> TASK TO COMPLETE
Among the entries, find the lines with the string "BRING" and report them.

EXTRACTED INFORMATION section start

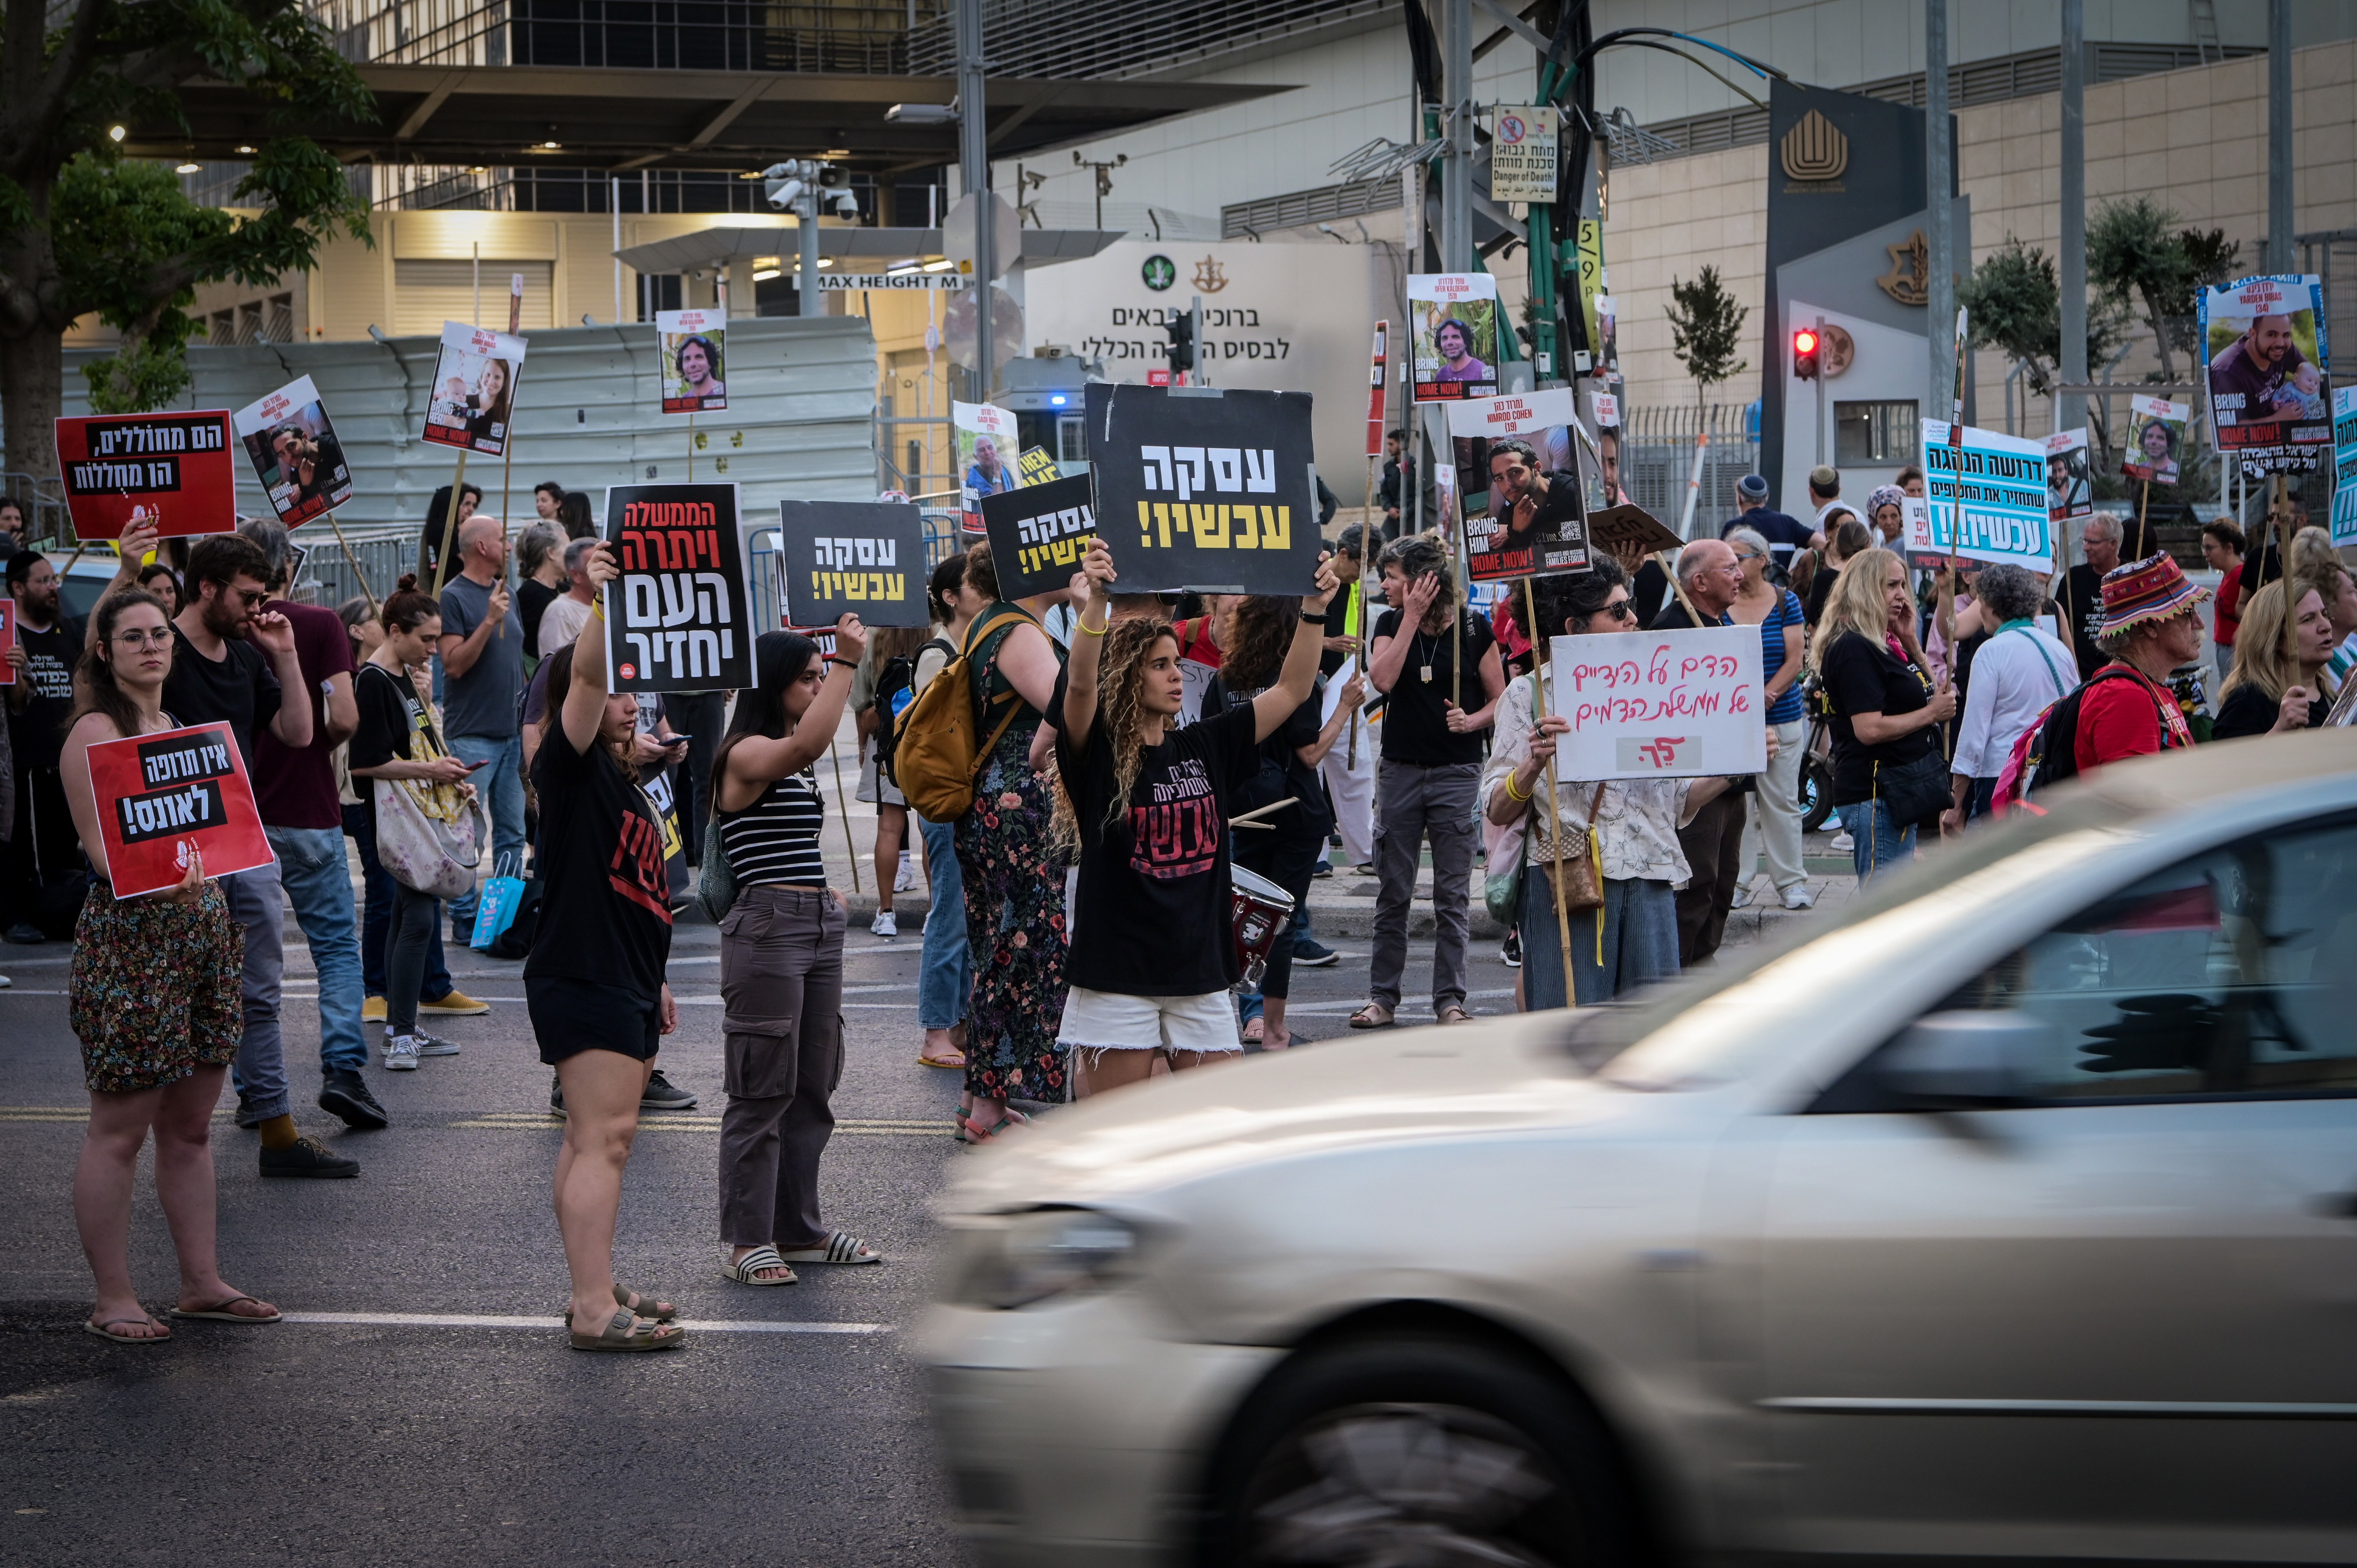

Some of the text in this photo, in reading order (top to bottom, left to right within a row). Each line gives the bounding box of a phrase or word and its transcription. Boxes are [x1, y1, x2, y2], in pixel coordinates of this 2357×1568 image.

[1531, 145, 1554, 156] מתח
[1494, 158, 1554, 169] סכנת מוות!
[1494, 170, 1555, 184] Danger of Death!
[860, 276, 932, 288] HEIGHT
[941, 277, 958, 288] M
[2239, 292, 2283, 304] YARDEN BIBAS
[1113, 308, 1260, 327] ברוכי באים
[2256, 304, 2269, 314] (34)
[1083, 337, 1144, 358] הכללי
[1224, 337, 1289, 359] לבסיס
[1415, 358, 1439, 370] BRING
[1416, 371, 1431, 383] HIM
[1417, 381, 1462, 396] HOME NOW!
[260, 398, 290, 418] NIMROD COHEN
[431, 401, 454, 415] BRING
[1494, 399, 1523, 412] נמרוד כהן
[2214, 392, 2246, 410] BRING
[428, 413, 443, 425] HER
[1487, 409, 1532, 423] NIMROD COHEN
[2216, 410, 2237, 426] HIM
[192, 425, 221, 449] הם
[426, 424, 472, 443] HOME NOW!
[1505, 422, 1517, 433] (19)
[2219, 421, 2281, 443] HOME NOW!
[1019, 449, 1051, 475] THEM
[1988, 455, 2043, 482] דרושה
[148, 462, 172, 486] הן
[1141, 445, 1276, 500] עסקה
[269, 481, 293, 502] BRING
[962, 487, 979, 501] BRING
[1984, 487, 2001, 503] את
[2003, 489, 2045, 508] שתחזיר
[274, 497, 292, 514] HIM
[281, 507, 304, 524] HOME
[302, 493, 326, 515] NOW!
[624, 501, 716, 526] הממשלה
[962, 499, 972, 512] HIM
[1018, 504, 1095, 544] עסקה
[1138, 501, 1290, 549] עכשיו!
[1466, 517, 1498, 536] BRING
[1938, 505, 2042, 556] עכשיו!!!
[622, 530, 721, 570] ויתרה
[815, 537, 895, 571] עסקה
[1018, 533, 1096, 574] כשיו!
[1469, 536, 1489, 554] HIM
[1472, 547, 1534, 572] HOME NOW!
[1546, 554, 1585, 567] FAMILIES FORUM
[812, 571, 904, 600] עכשיו!
[624, 573, 731, 627] העם
[625, 629, 733, 680] יחזיר
[32, 670, 69, 683] כפדי
[1573, 645, 1738, 692] הדם על הידיים
[37, 685, 72, 698] שבוי
[1576, 684, 1749, 733] של ממשלת הדמים
[145, 743, 228, 783] אין תרופה
[123, 784, 209, 835] לאונס!
[1128, 794, 1220, 862] עכשי

EXTRACTED INFORMATION section end

> EXPECTED ANSWER
[1415, 358, 1439, 370] BRING
[431, 401, 454, 415] BRING
[2214, 392, 2246, 410] BRING
[269, 481, 293, 502] BRING
[962, 487, 979, 501] BRING
[1466, 517, 1498, 536] BRING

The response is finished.